American attorney and radio broadcaster (1944–2022)

Leonard M. Tillem (June 9, 1944 – January 13, 2022) was an American attorney and radio broadcaster. He hosted "The Len Tillem Show," which is considered to be one of the first legal affairs radio show in the U.S.

== Early life ==
Tillem was born on June 9, 1944, in The Bronx in New York City, New York, to Jewish immigrants from Poland who spoke Yiddish. He grew up in Belle Harbor, Queens. He attended Far Rockaway High School, graduating in 1962. He earned his Juris Doctor (J.D.) from the New York University School of Law and was admitted to the State Bar of California on January 18, 1972.

==Career==
Tillem got his start in radio in 1990 on Napa Valley's KVON. He moved onto KSRO in Santa Rosa before San Francisco mega-station KGO gave him a Sunday afternoon show in 2000. His show would eventually move to the noon weekday timeslot, where it was the highest ranked program.

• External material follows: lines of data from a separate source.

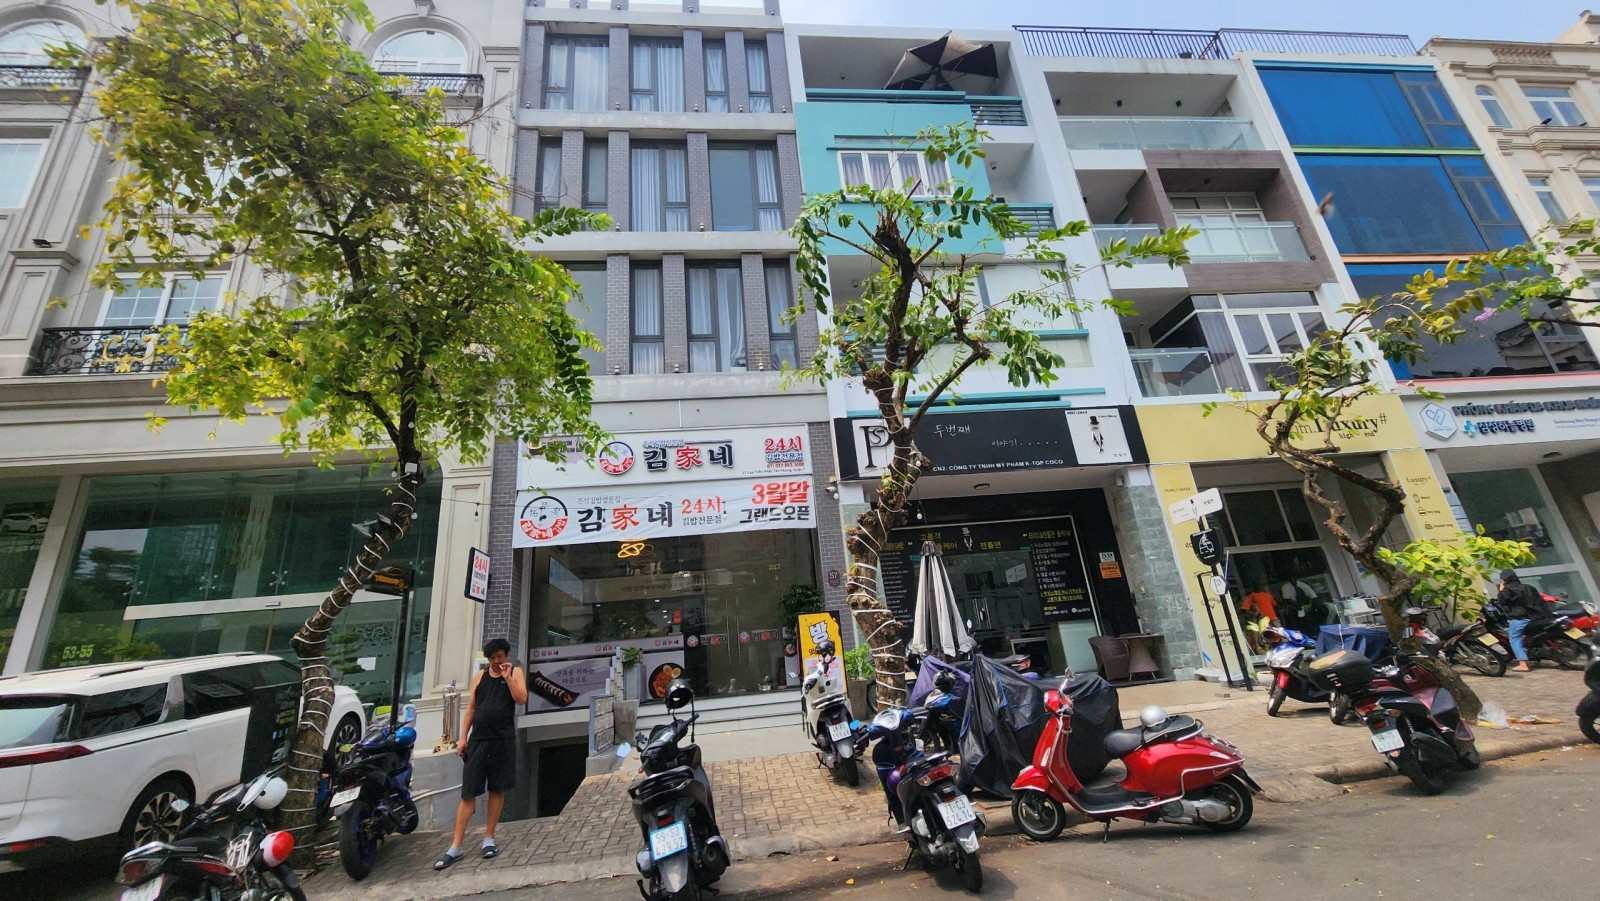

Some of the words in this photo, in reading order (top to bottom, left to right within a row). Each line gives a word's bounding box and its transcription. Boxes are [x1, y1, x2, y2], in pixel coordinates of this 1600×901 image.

[934, 424, 971, 438] 두번째
[764, 436, 803, 453] 24시
[642, 444, 734, 472] 김家네
[765, 452, 804, 462] 김밥전문점
[751, 481, 810, 505] 3월말
[680, 496, 721, 515] 24시
[740, 505, 810, 524] 그랜드오픈
[576, 501, 673, 533] 김家네
[682, 514, 722, 527] 김밥전문점
[62, 644, 95, 659] 53-55
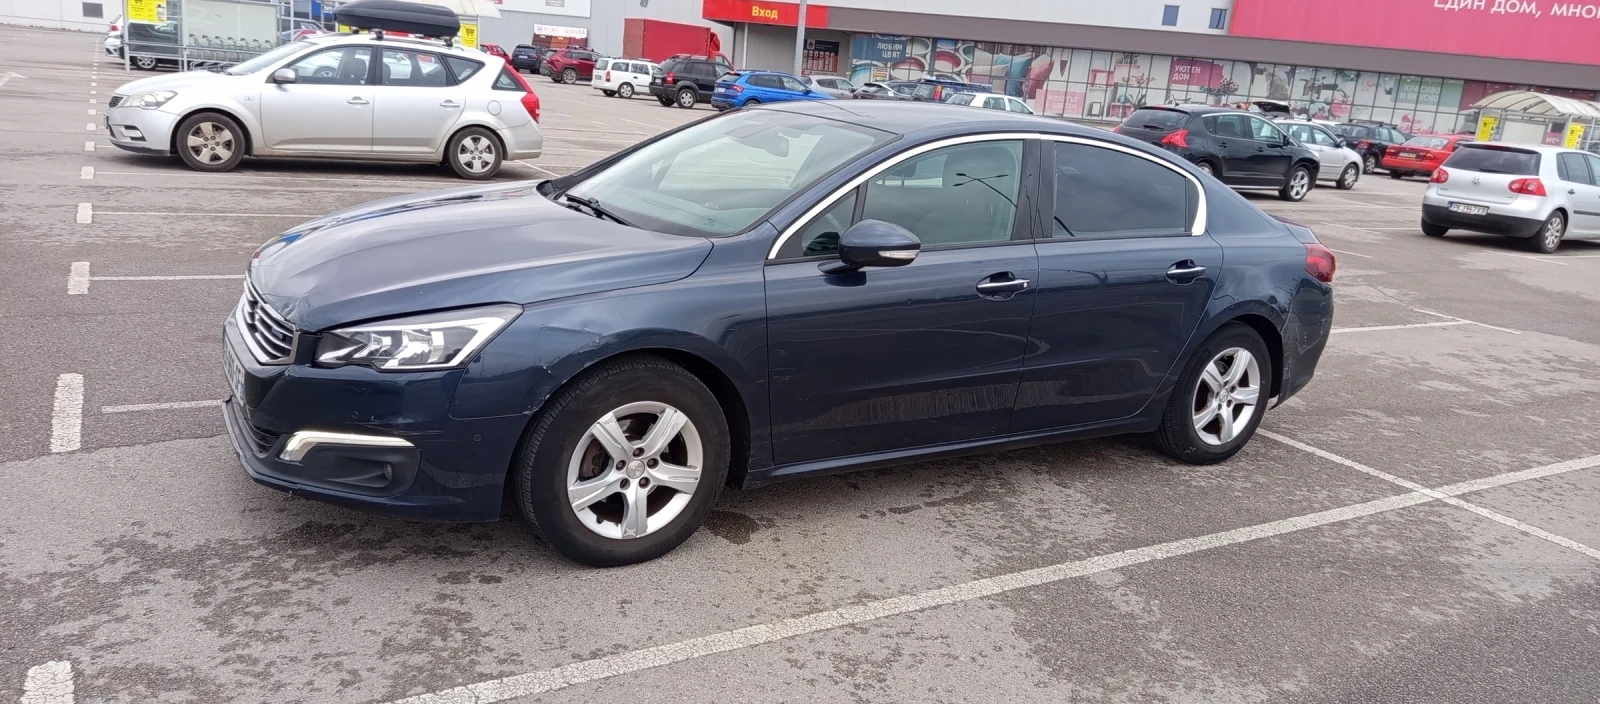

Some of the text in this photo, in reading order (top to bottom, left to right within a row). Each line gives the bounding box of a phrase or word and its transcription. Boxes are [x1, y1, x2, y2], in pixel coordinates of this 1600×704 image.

[752, 6, 778, 20] Вход
[1490, 0, 1542, 19] ДОМ,
[876, 42, 903, 51] ЛЮБИМ
[881, 50, 901, 59] ЦВЯТ
[1174, 65, 1201, 74] УЮТЕН
[1172, 72, 1190, 81] ДОМ
[1404, 84, 1441, 94] КРАСИВО
[1407, 92, 1439, 102] ВКУСНО
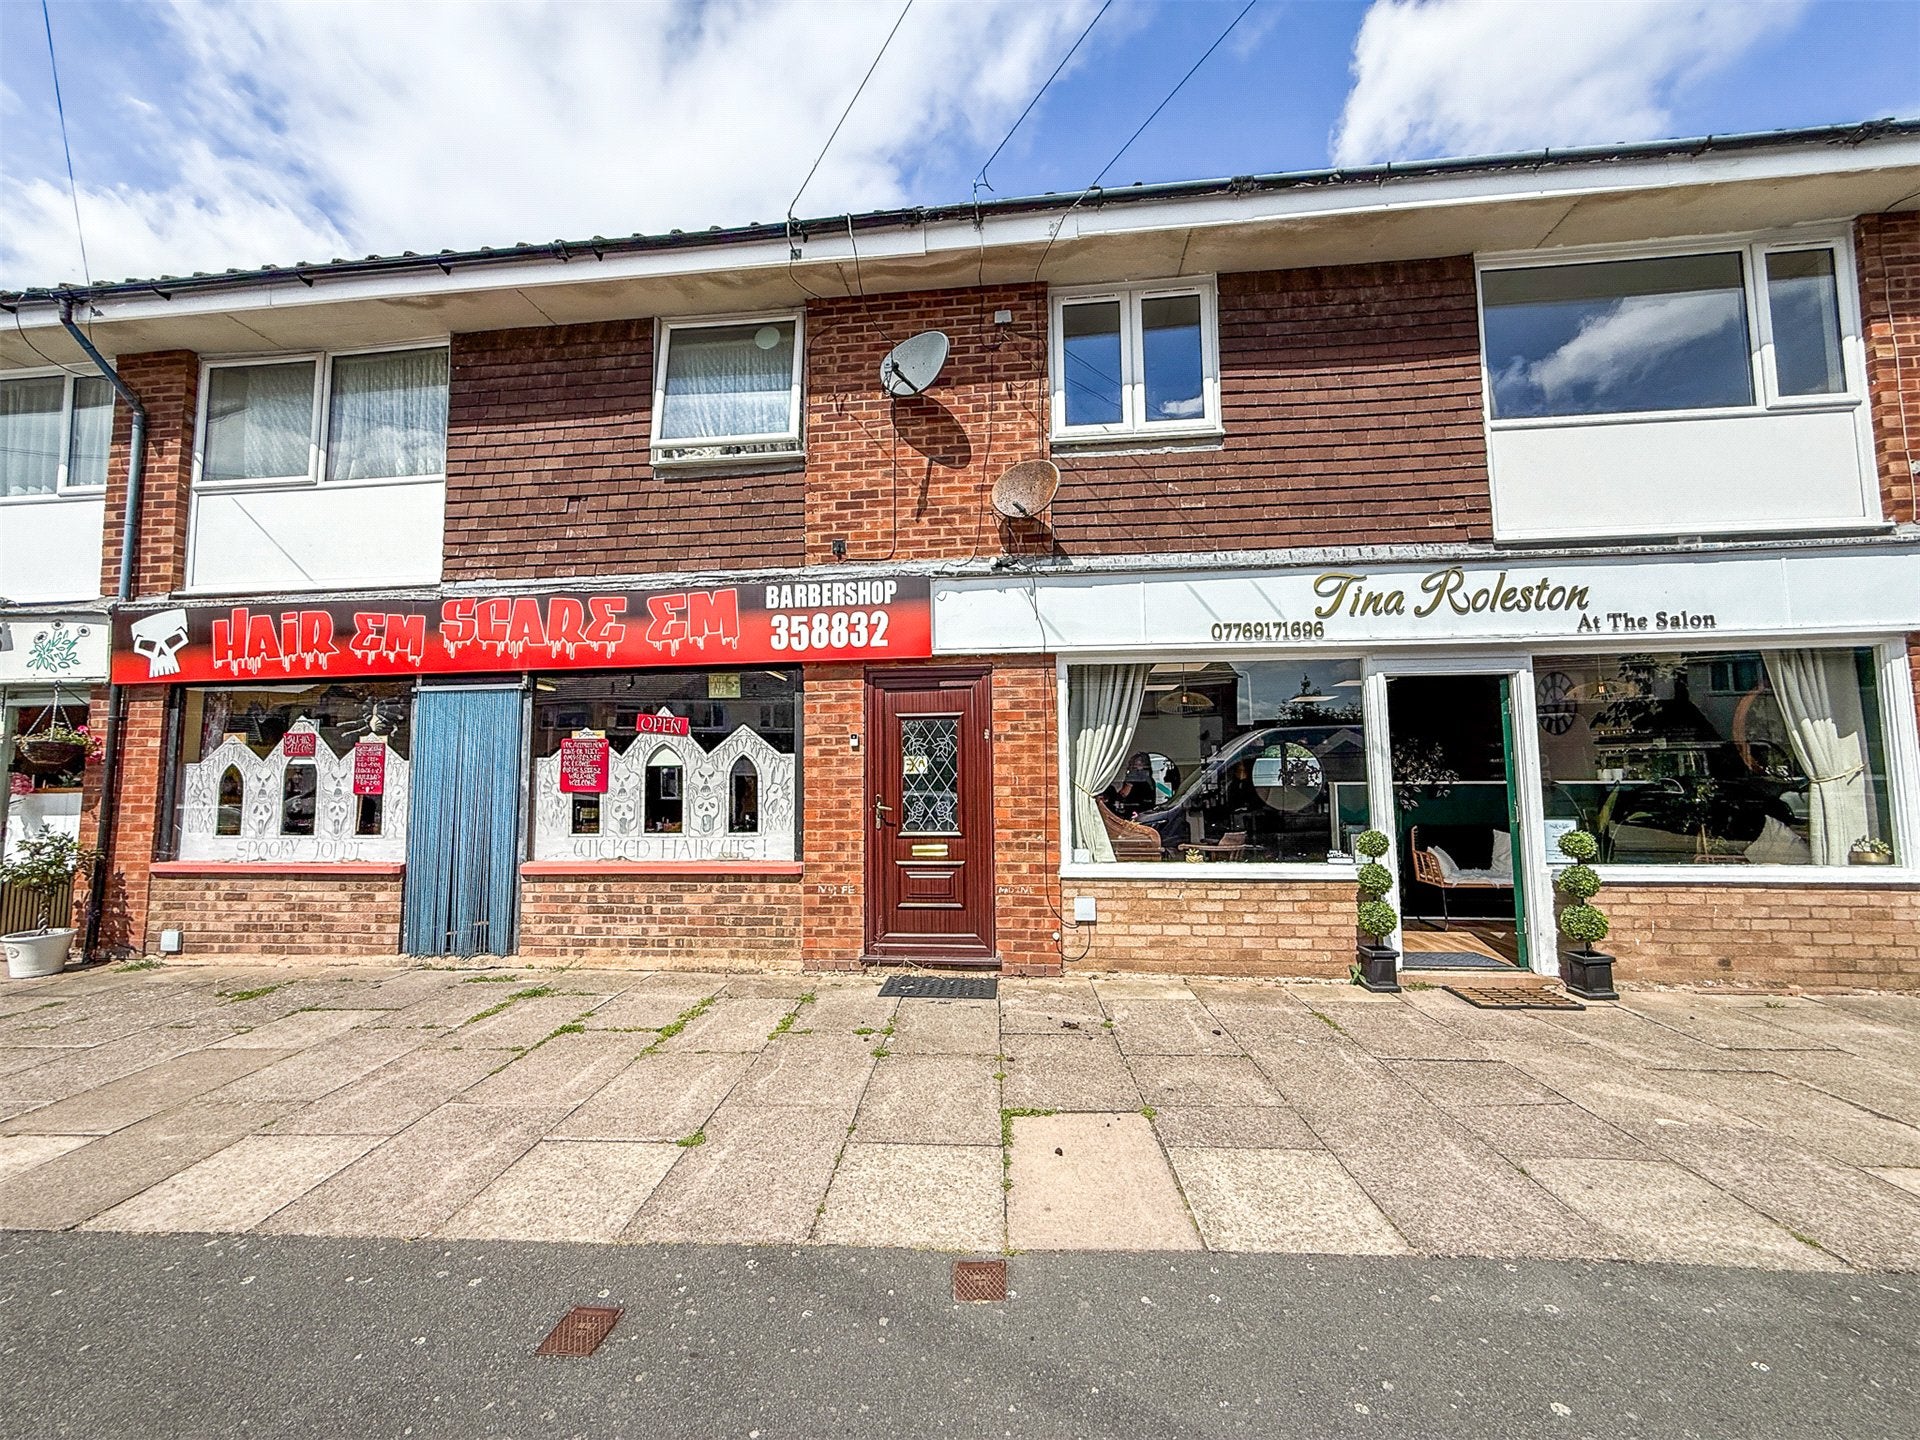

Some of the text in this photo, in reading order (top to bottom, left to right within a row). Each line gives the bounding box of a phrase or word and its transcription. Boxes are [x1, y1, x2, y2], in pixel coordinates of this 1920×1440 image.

On December 1, 2011, KGO changed to an all-news format and terminated the employment of all of its weekday radio program hosts except for Ronn Owens. Tillem resumed his radio program on the Bay Area radio station KKSF NewsTalk 910 AM San Francisco on January 3, 2012.

Tillem ceased broadcasting on NewsTalk 910 on March 29, 2013. From then until July 23, 2013, he continued his radio program exclusively on the web via podcasts.

== Personal life and death ==
Tillem's niece, Joya Tillem, is a physician and is married to filmmaker Jon Favreau since 2000.

He died on January 13, 2022, at the age of 77 at his home in Sonoma, California.